When I want to know whether new customers are sticking, I don’t start with a trend line. I open Baremetrics signup cohorts and look at the month they joined. That view tells me which signups behave well, which ones fade fast, and where revenue starts to bend.
This matters because monthly averages can hide a lot. A strong launch month can mask weak retention later, while a bad acquisition month can distort the whole quarter. I use the cohort view to see the product the way customers experience it, one signup month at a time.
Open the cohort view and choose the right churn lens
I start in Baremetrics and head to the Cohorts area in the dashboard. If the interface has shifted since the last time I used it, I look for the closest cohort or segmentation option. Baremetrics changes labels from time to time, but the core path stays familiar.
From there, I pick the lens that matches the question I’m asking:
- User Churn when I want to track how many customers stay active.
- Revenue Churn when I care about the dollars tied to each signup month.
- Signup date or signup month as the cohort basis.
- A time range that gives me enough history to spot a pattern.
If I’m only checking retention, I usually begin with User Churn. If I’m reviewing pricing or expansion, Revenue Churn gives me better context. Stripe’s guide to SaaS cohort analysis uses the same idea, group people by start date, then watch what happens over time.
I treat each signup month like a class of customers that shared the same starting line.
The view is simple, but that’s the point. I’m not looking for decoration. I’m looking for behavior.
Read the chart row by row, not as one big blur
I slow down and read the cohort table one row at a time. Each row is one signup month. Each column shows what happened after that month, usually in months since signup.
Here’s the part I pay attention to first. Baremetrics lets me switch between Relative (%) and Absolute ($) views, and that choice changes the story.
| View type | What I look for | What it tells me |
|---|---|---|
| Relative (%) | How many customers stayed | Retention quality |
| Absolute ($) | How much revenue remained | Revenue durability |
In relative view, I can spot a cohort that keeps more users alive after month 3 or month 6. In absolute view, I can see whether a cohort keeps more money, even if the user count drops. That distinction matters, especially if higher-tier plans bring in fewer but better customers. Maxio’s explainer on MRR cohorts covers that same logic from the revenue side.
I also compare the current cohort against earlier months. If February signups hold better than January signups, I ask what changed. Was it onboarding, pricing, sales qualification, or a product fix? If the newer line falls faster, I know something in the funnel slipped.
What I learn from retention, expansion, and churn
Retention shows product fit
Retention is the clearest signal in the chart. If a signup month keeps a steady shape over time, I know the product met a real need. If the line drops like a stone in the first two months, I start asking hard questions about onboarding, activation, or acquisition quality.
I also use retention by signup month to compare campaigns. A paid channel might bring in more signups, but if that cohort churns early, the volume is misleading. The month of signup becomes a filter that strips away noise.
Expansion shows where value grows
Expansion is easier to miss, but it matters just as much. In revenue cohorts, I watch for months where later columns stop shrinking or even rise. That usually means upgrades, add-ons, or seat growth.
When I see that shape, I ask what the cohort learned after signup. Did they reach an aha moment? Did the team expand the account? Did annual billing smooth out the cash flow? I cross-check those patterns with revenue cohort breakdowns when I want a tighter read on retention leaks and upsell behavior.
Churn shows where the cracks open
Churn shows up fast in signup-month cohorts. A weak month may fall early and never recover. That tells me the problem is not seasonal noise. It’s a real gap in the customer journey.

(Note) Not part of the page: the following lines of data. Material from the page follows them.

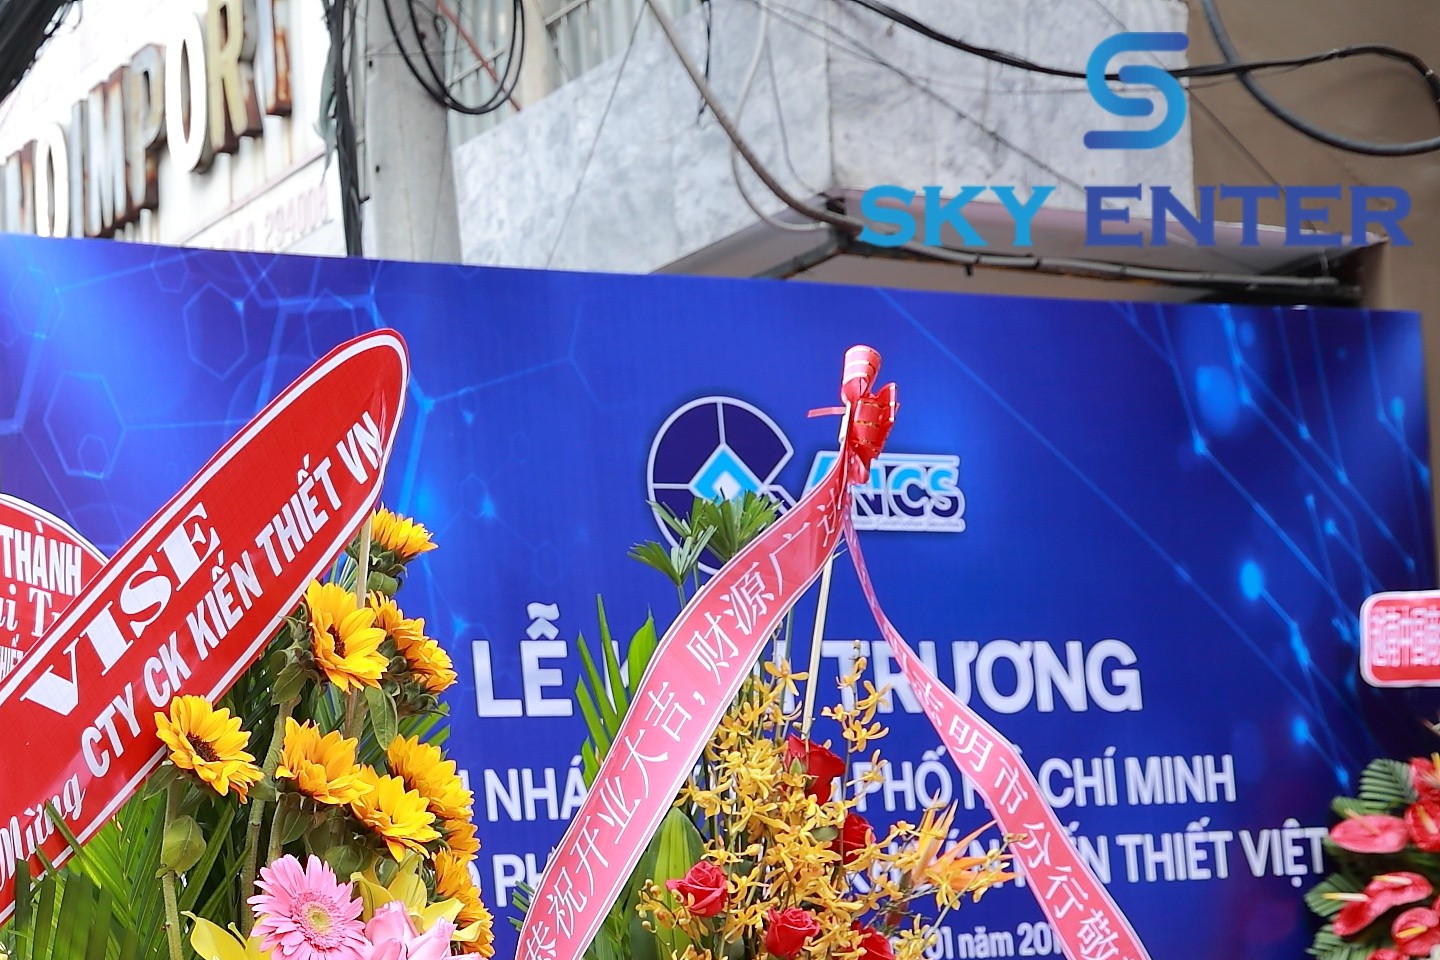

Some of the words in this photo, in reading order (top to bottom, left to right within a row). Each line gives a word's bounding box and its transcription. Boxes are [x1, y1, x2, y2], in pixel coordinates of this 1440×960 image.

[19, 502, 222, 716] VISE
[81, 682, 142, 779] CTY
[143, 635, 193, 708] CK
[185, 550, 265, 662] KIẾN
[256, 454, 344, 574] THIẾT
[336, 410, 385, 486] VN
[472, 602, 573, 718] LỄ
[484, 754, 592, 822] NHÁ
[852, 745, 954, 812] PHỐ
[1038, 746, 1118, 807] CHÍ
[1126, 754, 1237, 805] MINH
[1116, 817, 1234, 882] THIẾT
[1238, 818, 1329, 888] VIỆT
[957, 925, 1015, 960] năm
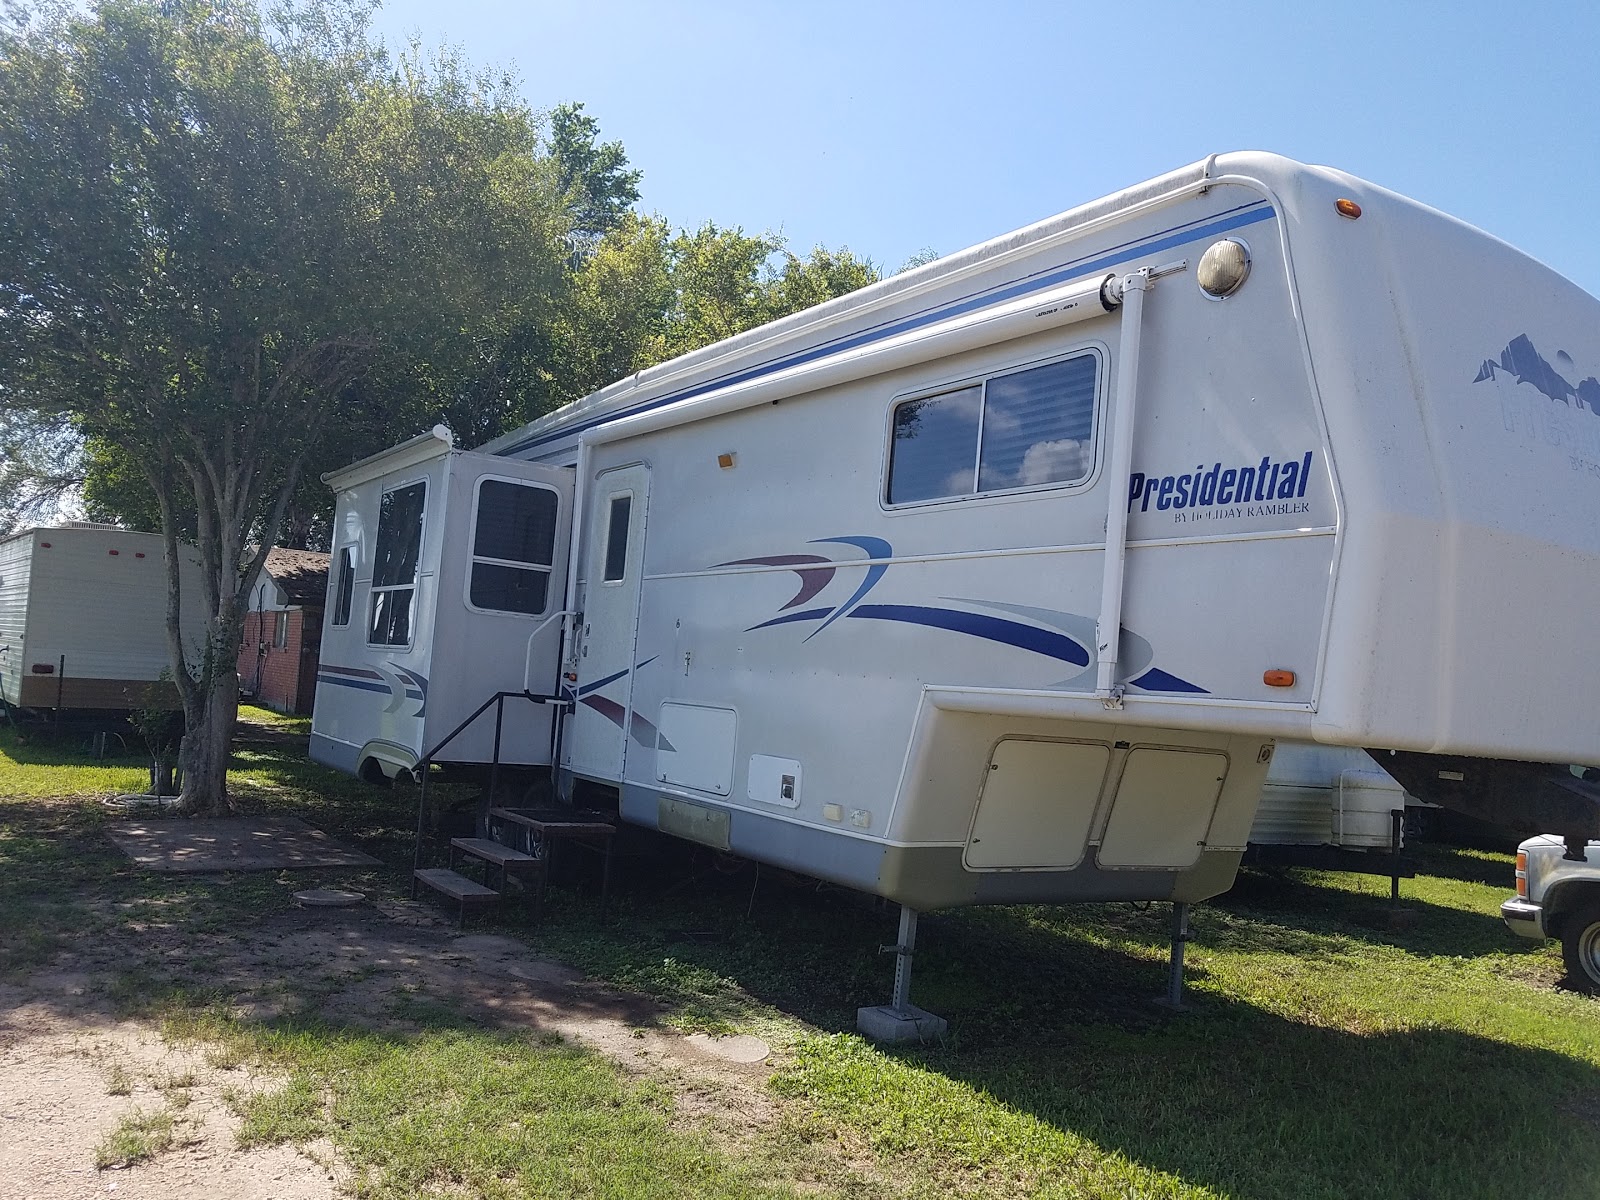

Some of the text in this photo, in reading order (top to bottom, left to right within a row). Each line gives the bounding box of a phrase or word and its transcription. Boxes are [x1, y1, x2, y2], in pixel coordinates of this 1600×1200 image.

[1128, 451, 1313, 513] Presidential
[1174, 512, 1187, 523] BY
[1247, 502, 1310, 517] RAMBLER

I use that signal to separate product issues from acquisition issues. If every month drops at the same point, the product or onboarding is the likely cause. If one month performs badly and the others hold up, I look at the traffic source or sales motion behind that cohort.

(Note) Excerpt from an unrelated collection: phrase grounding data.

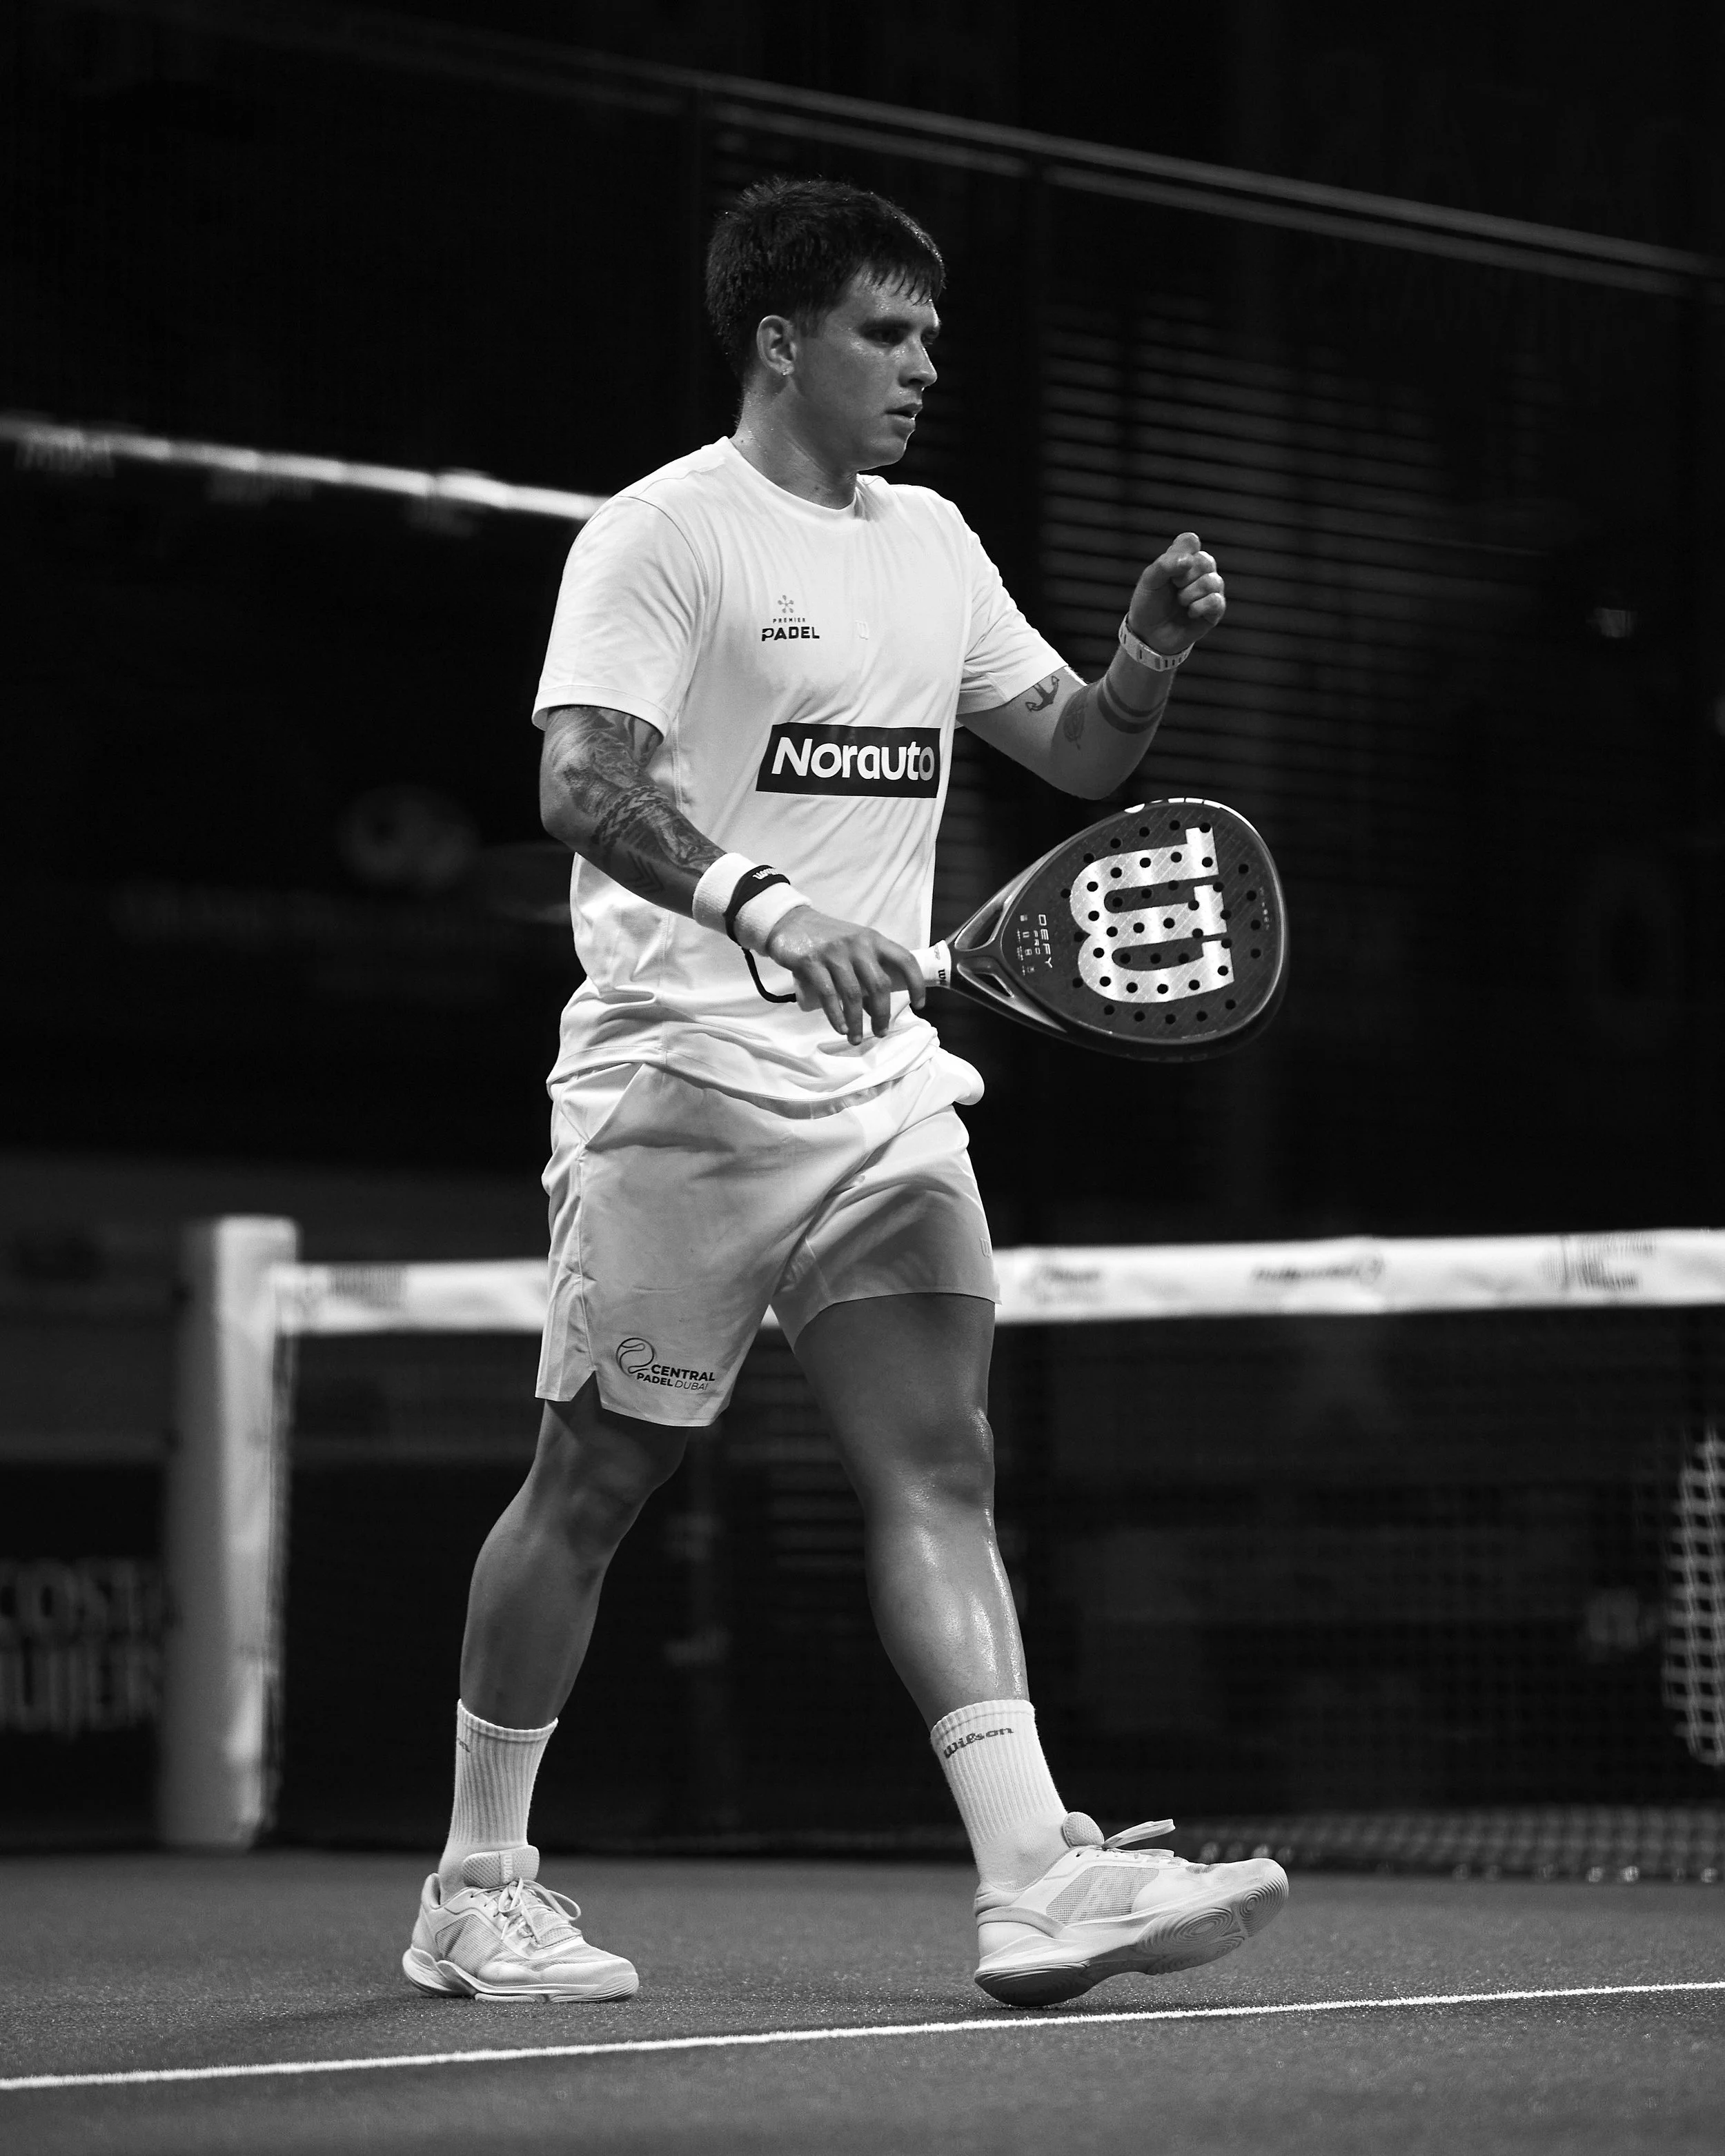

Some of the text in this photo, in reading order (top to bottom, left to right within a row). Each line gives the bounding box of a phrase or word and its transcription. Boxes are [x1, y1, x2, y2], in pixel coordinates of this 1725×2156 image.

[761, 626, 820, 642] PADEL
[771, 736, 935, 781] Norauto
[1038, 913, 1053, 969] DEFY
[636, 1372, 709, 1391] PADEL DUBAI
[651, 1364, 716, 1382] CENTRAL
[943, 1727, 1014, 1759] Wilson

Turn cohort data into decisions I can defend
Baremetrics signup cohorts become useful when I pair them with action. I often keep the cohort view near my main dashboard, so I’m not bouncing between screens. I use my Baremetrics dashboard layout when I want MRR, churn, and cohort trends in one place.
Then I make one decision at a time.
- If the newest signup month retains worse than the previous month, I review onboarding and activation.
- If revenue cohorts expand after month 2, I study the behaviors that came before the upsell.
- If one acquisition source keeps producing weak cohorts, I cut spend or fix the messaging.
That process keeps me honest. A cohort chart doesn’t hand me a diagnosis. It points to the row that deserves attention. After that, I check the funnel, the plan mix, and the support history before I change anything.
Conclusion
When I view cohorts by signup month in Baremetrics, I get a cleaner picture than any single MRR chart can give me. I can see retention, expansion, and churn in the same frame, which makes the differences between signup months hard to ignore.
The real value is not the chart itself. It’s the decision it helps me make next. If one cohort holds, I learn what worked. If another drops fast, I know where to look first.